- _The problem_: Copy every record exactly, and keep the pictures out.

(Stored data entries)
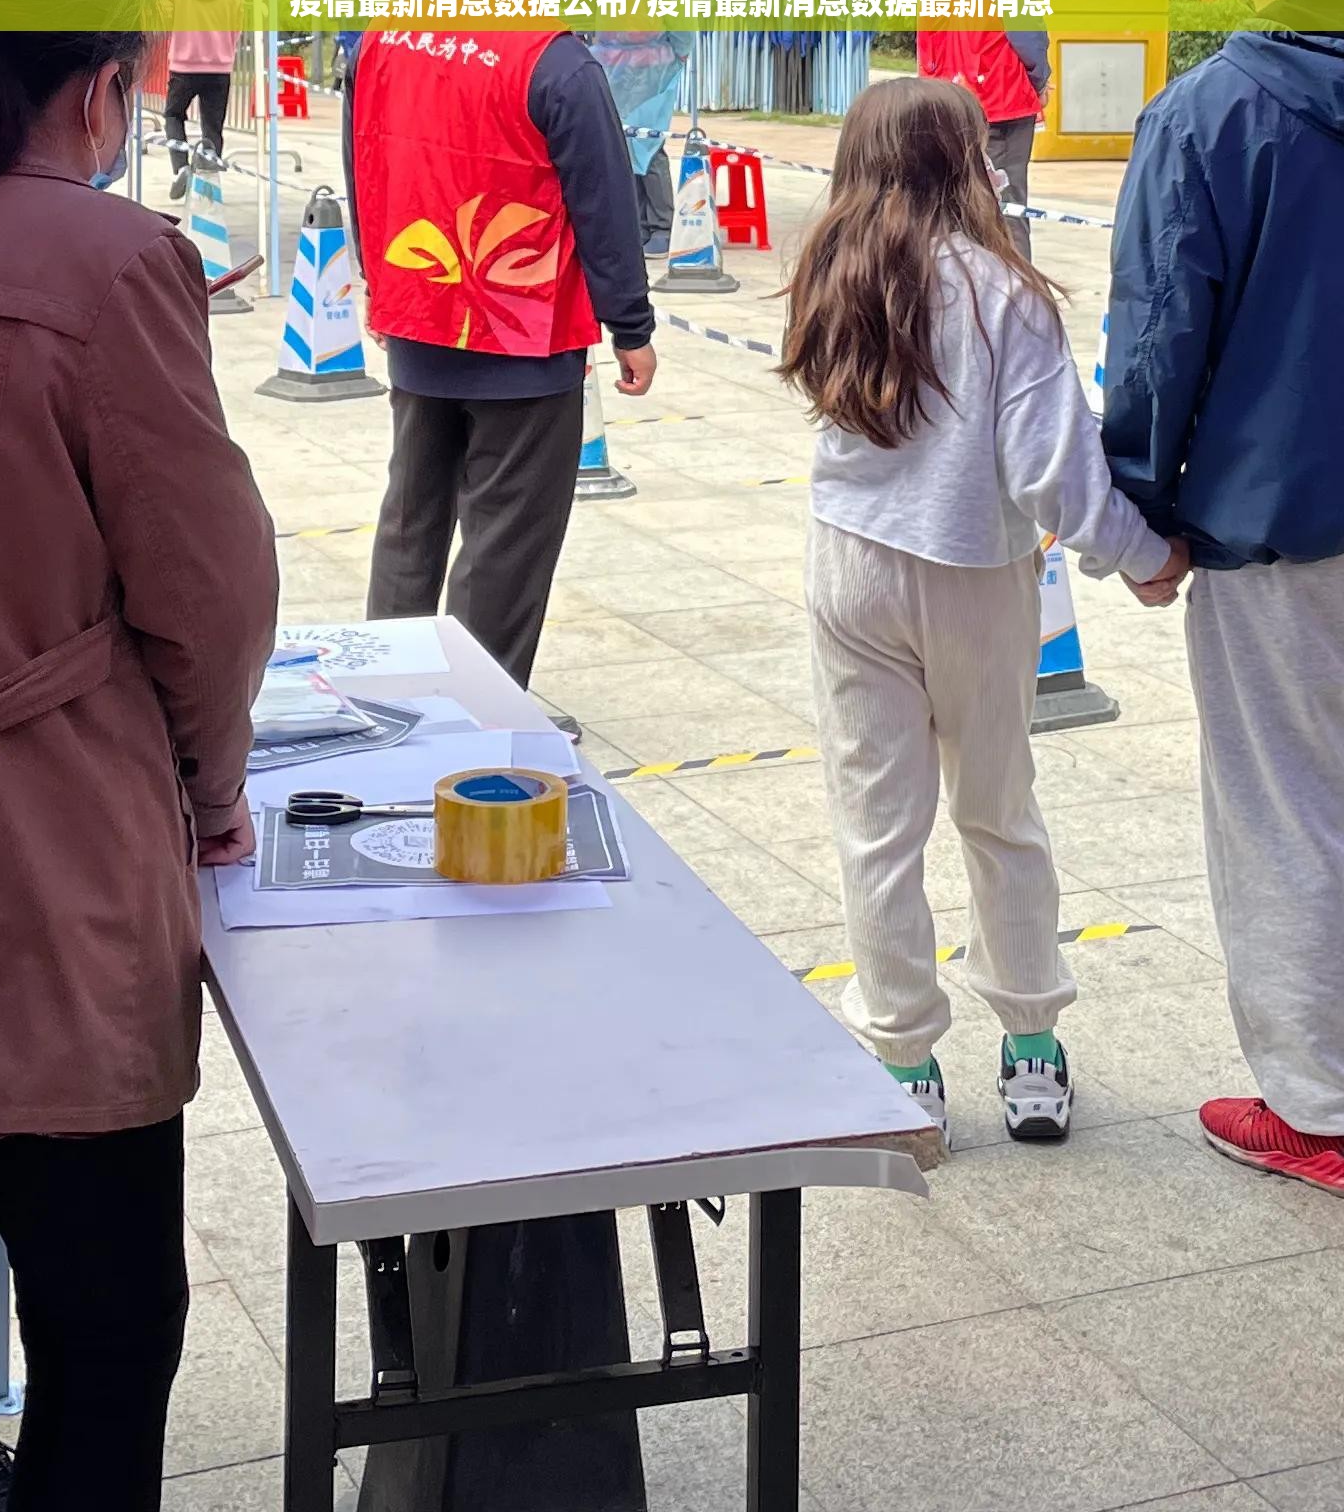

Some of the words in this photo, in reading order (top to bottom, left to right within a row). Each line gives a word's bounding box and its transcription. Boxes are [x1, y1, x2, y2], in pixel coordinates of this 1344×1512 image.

[379, 29, 501, 68] 以人民为中心
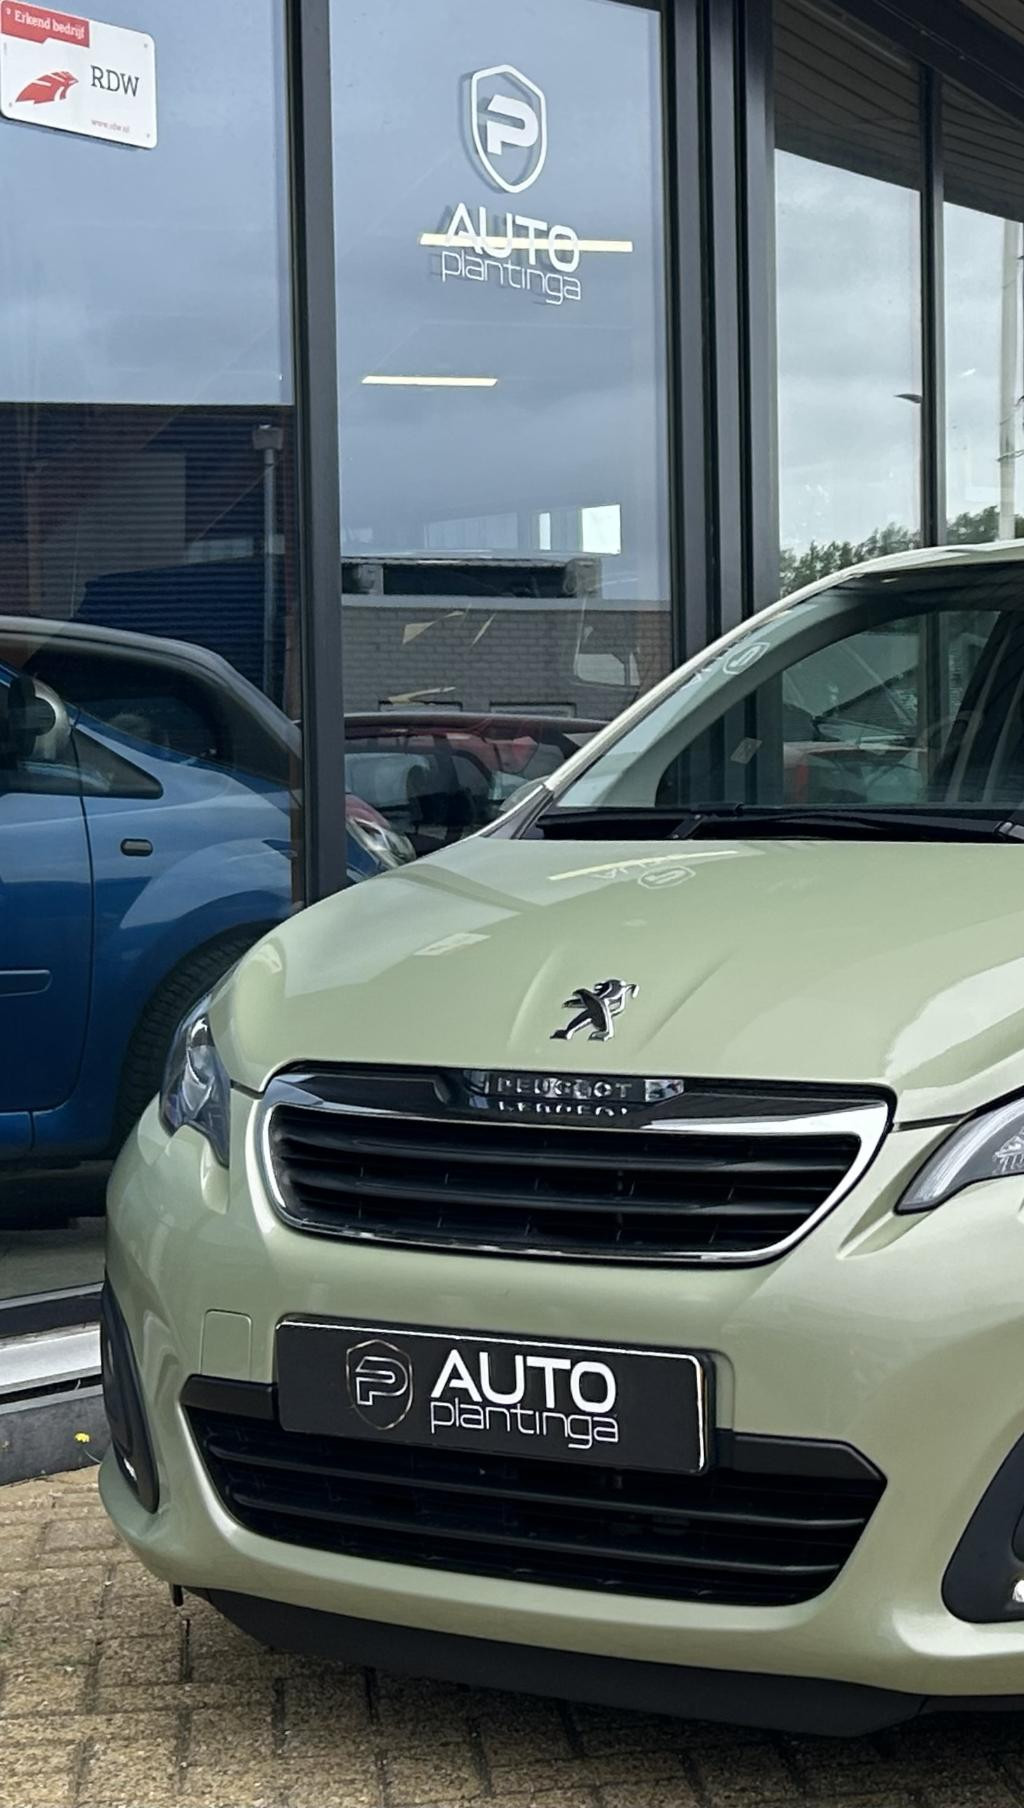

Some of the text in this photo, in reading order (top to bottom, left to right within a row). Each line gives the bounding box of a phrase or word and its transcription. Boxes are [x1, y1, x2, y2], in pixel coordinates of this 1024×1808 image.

[14, 10, 86, 39] Erkend bedrijf
[90, 64, 139, 97] RDW
[445, 202, 580, 273] AUTO
[442, 250, 582, 305] plantinga
[497, 1077, 632, 1100] PEUGEOT
[430, 1349, 617, 1413] AUTO
[430, 1397, 619, 1449] plantinga

- _Problem solution_:
Some of the words in this photo, in reading order (top to bottom, left to right within a row). Each line gives a word's bounding box and its transcription. Boxes are [x1, y1, x2, y2], in pixel coordinates of this 1344×1512 image.

[379, 29, 501, 68] 以人民为中心

Some of the text in this photo, in reading order (top to bottom, left to right within a row). Each line gives the bounding box of a phrase or word and its transcription. Boxes are [x1, y1, x2, y2], in pixel coordinates of this 1024×1808 image.

[14, 10, 86, 39] Erkend bedrijf
[90, 64, 139, 97] RDW
[445, 202, 580, 273] AUTO
[442, 250, 582, 305] plantinga
[497, 1077, 632, 1100] PEUGEOT
[430, 1349, 617, 1413] AUTO
[430, 1397, 619, 1449] plantinga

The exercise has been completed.